Cell Reports (Jun 2015)

Fragile X Proteins FMRP and FXR2P Control Synaptic GluA1 Expression and Neuronal Maturation via Distinct Mechanisms

  • Weixiang Guo,
  • Eric D. Polich,
  • Juan Su,
  • Yu Gao,
  • Devin M. Christopher,
  • Andrea M. Allan,
  • Min Wang,
  • Feifei Wang,
  • Guangfu Wang,
  • Xinyu Zhao

DOI
https://doi.org/10.1016/j.celrep.2015.05.013
Journal volume & issue
Vol. 11, no. 10
pp. 1651 – 1666

Abstract

Read online

Fragile X mental retardation protein (FMRP) and its autosomal paralog FXR2P are selective neuronal RNA-binding proteins, and mice that lack either protein exhibit cognitive deficits.

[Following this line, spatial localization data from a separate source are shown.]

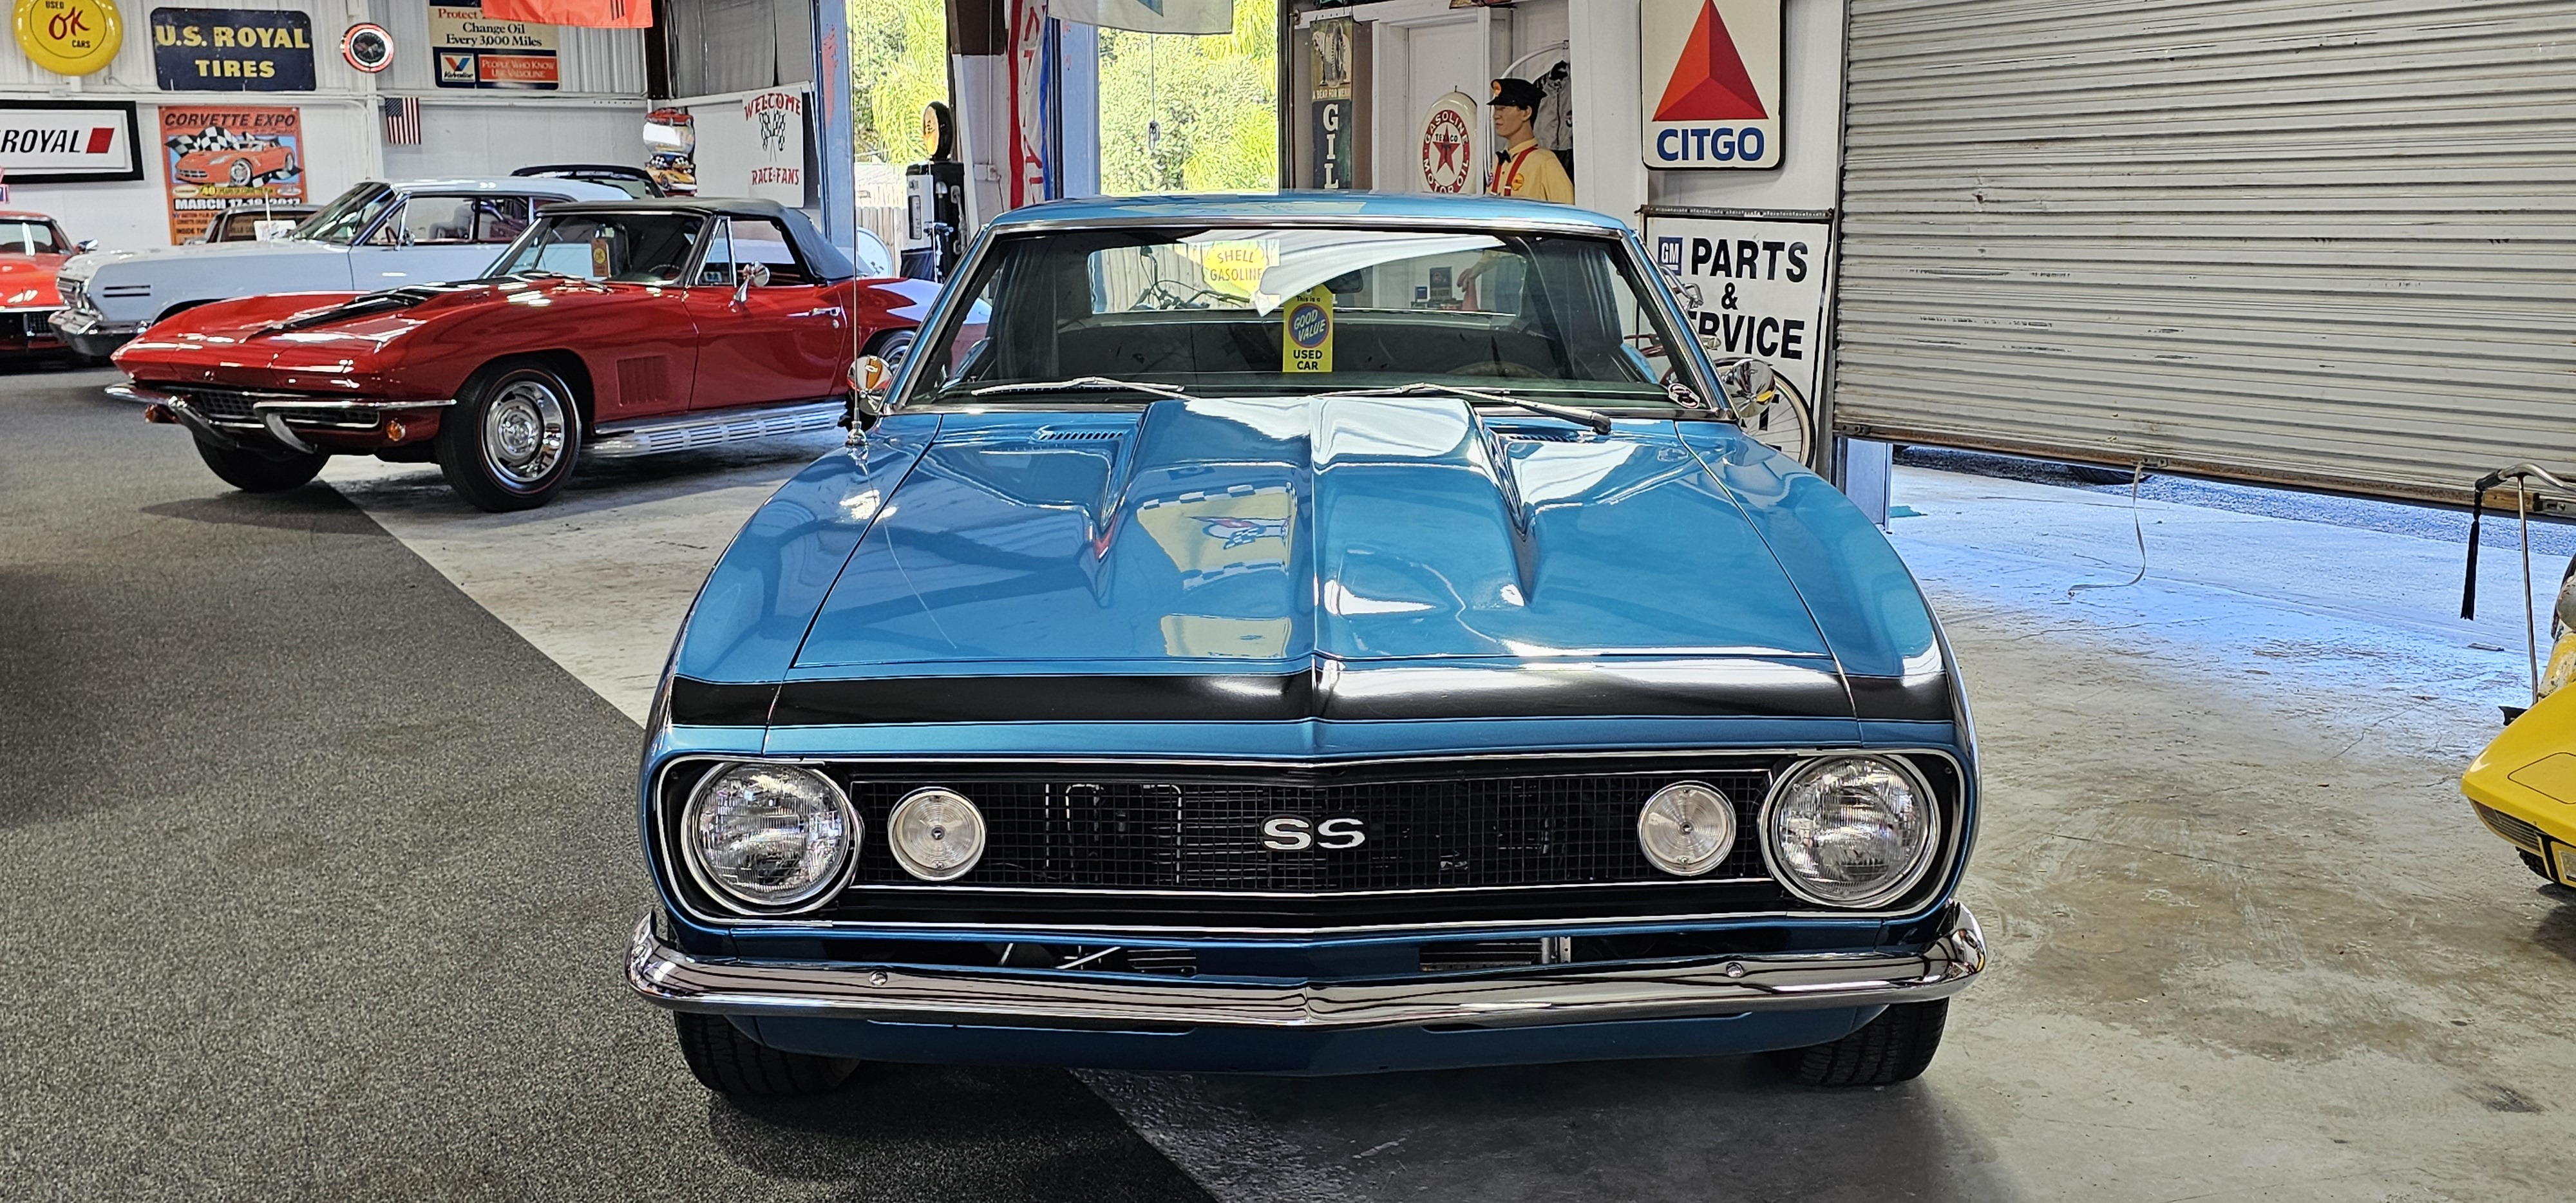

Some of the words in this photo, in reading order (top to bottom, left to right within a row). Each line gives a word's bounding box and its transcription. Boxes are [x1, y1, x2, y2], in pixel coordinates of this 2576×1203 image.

[46, 1, 64, 9] USED
[438, 8, 480, 19] Protect
[49, 6, 90, 40] OK
[462, 22, 506, 34] Change
[507, 23, 525, 33] Oil
[72, 40, 90, 48] CARS
[155, 25, 207, 47] U.S.
[213, 26, 310, 48] ROYAL
[446, 33, 477, 46] Every
[480, 35, 509, 46] 3,000
[512, 36, 542, 46] Miles
[194, 60, 275, 78] TIRES
[744, 93, 800, 122] WELCOME
[165, 113, 249, 126] CORVETTE
[254, 113, 295, 126] EXPO
[1425, 111, 1468, 144] GASOLINE
[0, 129, 80, 153] ROYAL
[1656, 127, 1765, 162] CITGO
[752, 167, 773, 185] RACE
[776, 168, 799, 185] FANS
[1423, 158, 1454, 193] MOTOR
[1457, 160, 1468, 187] OIL
[175, 199, 226, 209] MARCH
[1217, 250, 1253, 263] SHELL
[1661, 242, 1680, 264] GM
[1691, 238, 1808, 283] PARTS
[1211, 268, 1262, 281] GASOLINE
[1721, 282, 1738, 310] &
[1294, 309, 1318, 330] GOOD
[1298, 319, 1326, 342] VALUE
[1688, 310, 1805, 360] RVICE
[1293, 350, 1322, 359] USED
[1297, 361, 1319, 370] CAR
[1264, 819, 1365, 850] SS

Although double-mutant mice display more severe learning deficits than single mutants, the molecular mechanism behind this remains unknown. In the present study, we discovered that FXR2P (also known as FXR2) is important for neuronal dendritic development. FMRP and FXR2P additively promote the maturation of new neurons by regulating a common target, the AMPA receptor GluA1, but they do so via distinct mechanisms: FXR2P binds and stabilizes GluA1 mRNA and enhances subsequent protein expression, whereas FMRP promotes GluA1 membrane delivery. Our findings unveil important roles for FXR2P and GluA1 in neuronal development, uncover a regulatory mechanism of GluA1, and reveal a functional convergence between fragile X proteins in neuronal development.